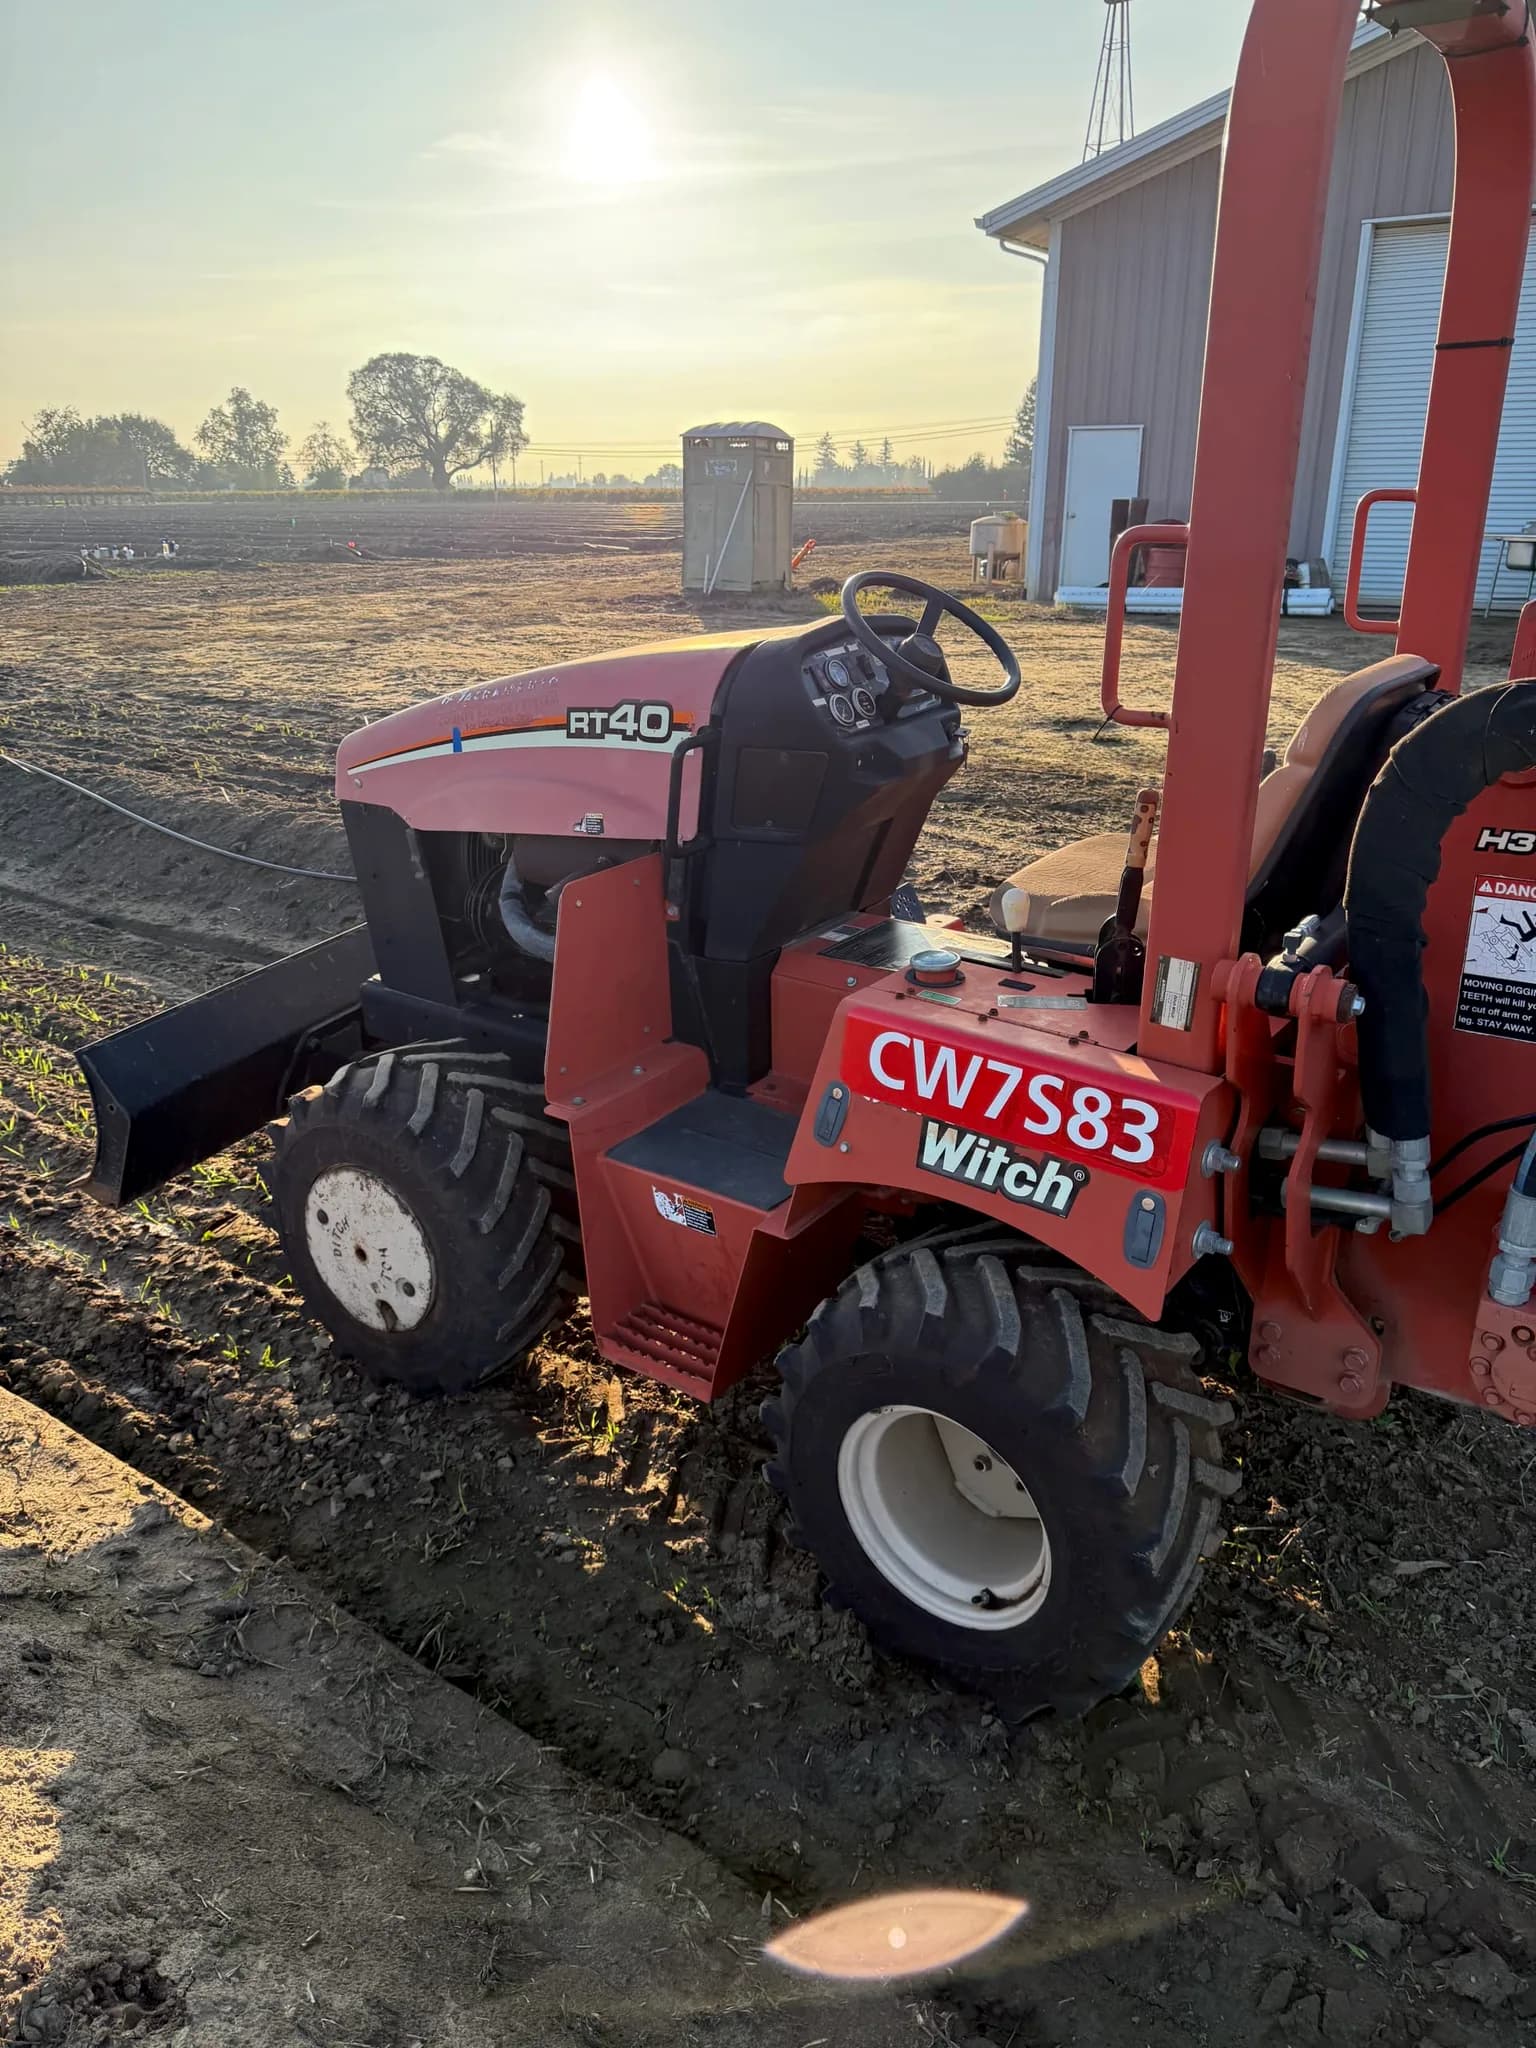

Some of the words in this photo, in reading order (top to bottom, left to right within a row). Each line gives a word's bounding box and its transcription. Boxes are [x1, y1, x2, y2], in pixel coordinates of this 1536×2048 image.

[569, 703, 670, 738] RT40
[1463, 978, 1503, 992] MOVING
[1462, 990, 1493, 1003] TEETH
[1495, 996, 1511, 1006] will
[1512, 999, 1526, 1008] kill
[1471, 1006, 1486, 1015] cut
[1488, 1008, 1501, 1017] off
[1502, 1011, 1520, 1020] arm
[1477, 1018, 1502, 1029] STAY
[1503, 1023, 1535, 1035] AWAY.
[868, 1031, 1159, 1164] CW7S83

○ ○ ○ ○ ○ ○ ○

What you should do - Could you reproduce all of the material exactly? Keep the pictures out of it.

Exercise response -
Some of the words in this photo, in reading order (top to bottom, left to right within a row). Each line gives a word's bounding box and its transcription. Boxes are [x1, y1, x2, y2], in pixel coordinates of this 1536×2048 image.

[569, 703, 670, 738] RT40
[1463, 978, 1503, 992] MOVING
[1462, 990, 1493, 1003] TEETH
[1495, 996, 1511, 1006] will
[1512, 999, 1526, 1008] kill
[1471, 1006, 1486, 1015] cut
[1488, 1008, 1501, 1017] off
[1502, 1011, 1520, 1020] arm
[1477, 1018, 1502, 1029] STAY
[1503, 1023, 1535, 1035] AWAY.
[868, 1031, 1159, 1164] CW7S83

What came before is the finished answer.